Comparison between original Flash ad (left) and HTML5 output (right).
This screenshot is taken using Google Chrome on the Google Swiffy demo page.

Google Swiffy was a web-based tool developed by Google that converted SWF files to HTML5. Its main goal was to display Flash contents on devices that do not support Flash, such as iPhone, iPad, and Android Tablets. Swiffy was shut down on July 1, 2016.

==Approach==
A closed source web service hosted by Google converts SWF to an intermediate representation serialized as JSON. This representation is in turn converted into SVG in the web browser via JavaScript, which is also used for animations. The Swiffy thesis (2012) explains its general approach in the following way:

The choice of SVG for rendering leaves us with several options to animate the SVG content. At first sight, both CSS animation and SMIL, adhere to our design goal of using a declarative representation when possible. However, both technologies provide insufficient control over the animation when support for ActionScript scripting is required. For example, although the concept of keyframes exists in CSS animation, it does not provide a mechanism to synchronise the JavaScript code to those keyframes or to modify the timeline from JavaScript, which is a basic feature required for SWF compatibility. Another limiting factor is that animation in the SWF file itself is not defined in terms of high-level transitions, but defines the position of every object at specific keyframes. Mapping these definitions back onto CSS or SMIL transitions is not always possible. Finally, these standards are not widely available: The CSS animation specification is still in working draft state, while SMIL is not implemented in the Internet Explorer browser. We have therefore chosen to use JavaScript to animate SVG on the client. Although this imperative approach might be less efficient, the level of control it provides is required to match all SWF functionality.

==Supports==
Google Swiffy supported a subset of SWF 10, ActionScript 2.0 and ActionScript 3.0.

==Supporting browsers==
- Google Chrome
- Safari
- Firefox 5+ (partly supported)
- IE9 (partly supported) and IE10
- WebKit-based browsers

==Development==
Swiffy was started in the summer of 2011 by Google engineering intern Pieter Senster, who joined their mobile advertising team to search for solutions to display Flash content on devices that do not support Flash. Progress on Swiffy was sufficient that Google hired him full-time and formed a team to work on the project.
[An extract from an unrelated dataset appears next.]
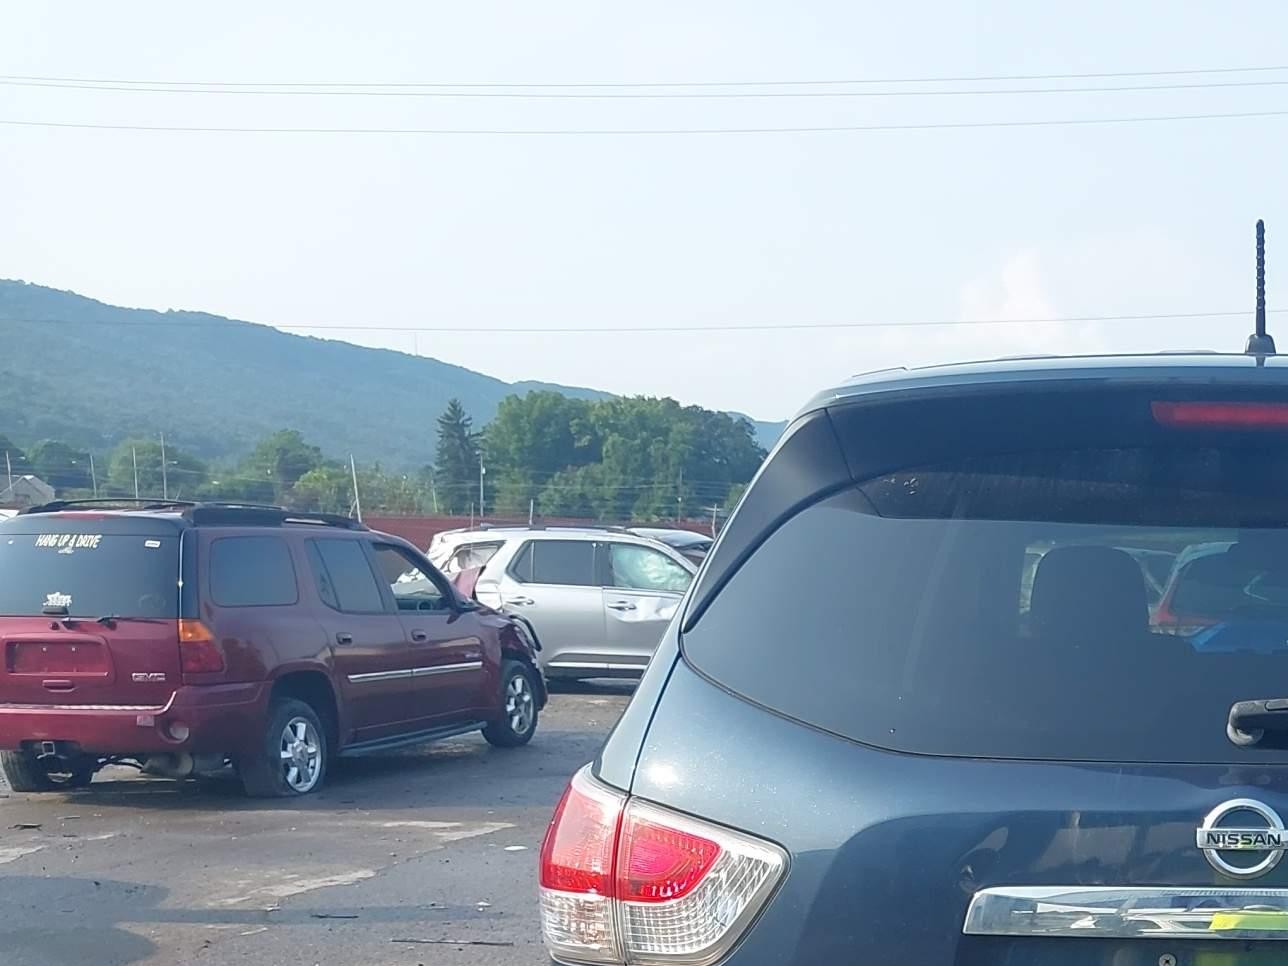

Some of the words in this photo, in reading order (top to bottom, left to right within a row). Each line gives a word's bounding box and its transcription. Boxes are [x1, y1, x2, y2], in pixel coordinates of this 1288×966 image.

The product manager of Google Swiffy was Marcel Gordon.

Swiffy 6.0.1 was released on February 11, 2014.

Swiffy was shut down July 1, 2016.

==Related software==
- Wallaby by Adobe converts FLA files to HTML5.
- Ruffle, a free and open source Flash emulator that is actively developed.
- Mozilla Shumway took a different approach by implementing a virtual machine for SWF in JavaScript.